ASSIGNMENT - Output all of the data exactly, keeping any images out of the copy.

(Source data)
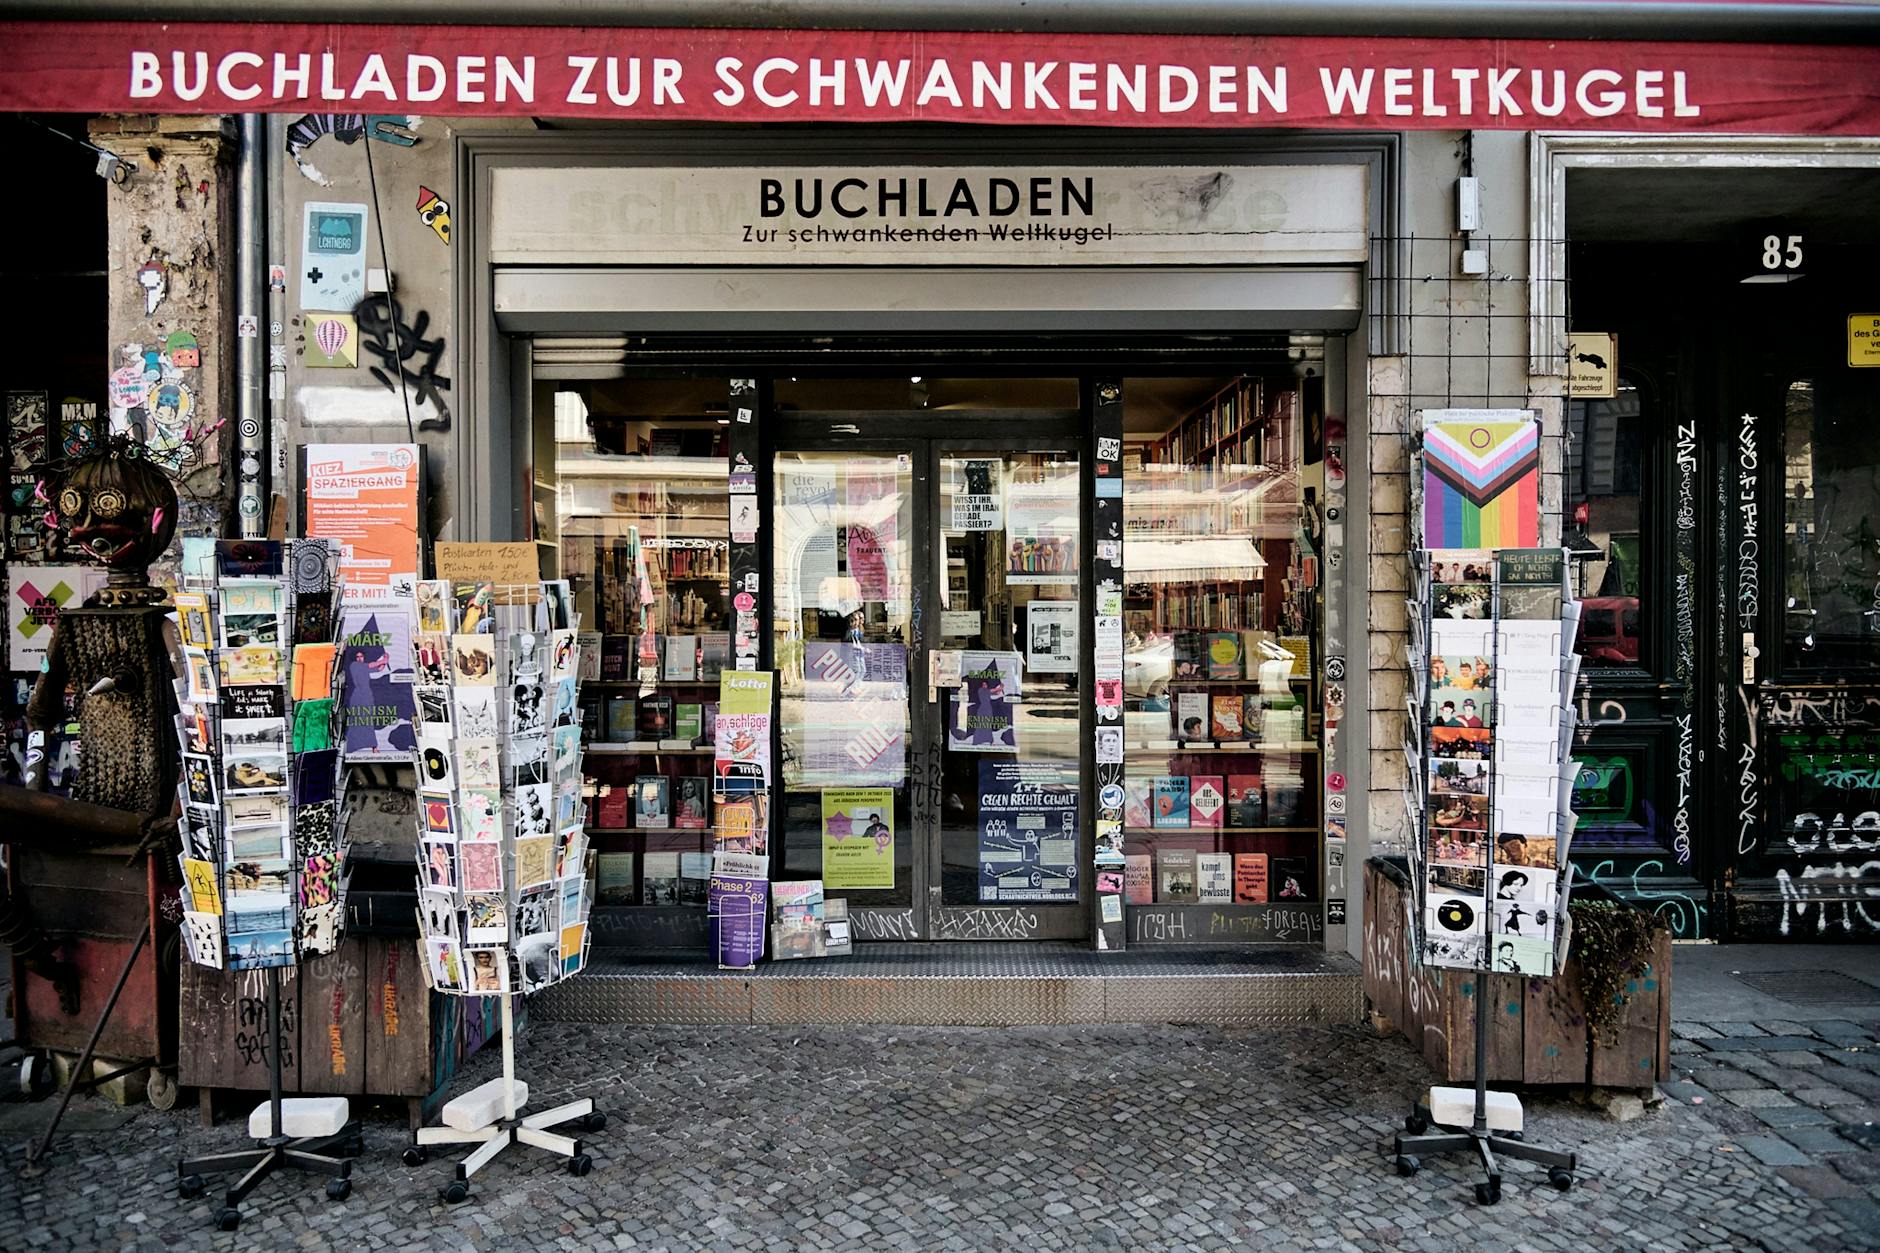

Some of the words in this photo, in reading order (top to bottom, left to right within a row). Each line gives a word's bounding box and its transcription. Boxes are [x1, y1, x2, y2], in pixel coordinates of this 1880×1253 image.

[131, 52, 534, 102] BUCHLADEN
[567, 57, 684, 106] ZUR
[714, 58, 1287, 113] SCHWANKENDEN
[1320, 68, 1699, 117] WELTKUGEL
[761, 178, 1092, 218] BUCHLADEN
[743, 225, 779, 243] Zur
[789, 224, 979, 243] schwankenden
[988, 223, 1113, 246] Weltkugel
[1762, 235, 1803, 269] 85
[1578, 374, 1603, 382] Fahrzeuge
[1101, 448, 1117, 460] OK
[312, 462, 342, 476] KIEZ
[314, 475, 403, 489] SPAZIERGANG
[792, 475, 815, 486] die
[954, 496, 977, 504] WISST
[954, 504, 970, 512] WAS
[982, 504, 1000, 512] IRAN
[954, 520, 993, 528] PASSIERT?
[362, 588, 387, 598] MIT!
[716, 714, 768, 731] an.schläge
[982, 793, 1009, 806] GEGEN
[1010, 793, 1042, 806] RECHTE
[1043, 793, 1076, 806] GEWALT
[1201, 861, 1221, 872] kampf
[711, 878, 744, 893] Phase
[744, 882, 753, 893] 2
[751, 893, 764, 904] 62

RESPONSE BELOW -
Some of the words in this photo, in reading order (top to bottom, left to right within a row). Each line gives a word's bounding box and its transcription. Boxes are [x1, y1, x2, y2], in pixel coordinates of this 1880×1253 image.

[131, 52, 534, 102] BUCHLADEN
[567, 57, 684, 106] ZUR
[714, 58, 1287, 113] SCHWANKENDEN
[1320, 68, 1699, 117] WELTKUGEL
[761, 178, 1092, 218] BUCHLADEN
[743, 225, 779, 243] Zur
[789, 224, 979, 243] schwankenden
[988, 223, 1113, 246] Weltkugel
[1762, 235, 1803, 269] 85
[1578, 374, 1603, 382] Fahrzeuge
[1101, 448, 1117, 460] OK
[312, 462, 342, 476] KIEZ
[314, 475, 403, 489] SPAZIERGANG
[792, 475, 815, 486] die
[954, 496, 977, 504] WISST
[954, 504, 970, 512] WAS
[982, 504, 1000, 512] IRAN
[954, 520, 993, 528] PASSIERT?
[362, 588, 387, 598] MIT!
[716, 714, 768, 731] an.schläge
[982, 793, 1009, 806] GEGEN
[1010, 793, 1042, 806] RECHTE
[1043, 793, 1076, 806] GEWALT
[1201, 861, 1221, 872] kampf
[711, 878, 744, 893] Phase
[744, 882, 753, 893] 2
[751, 893, 764, 904] 62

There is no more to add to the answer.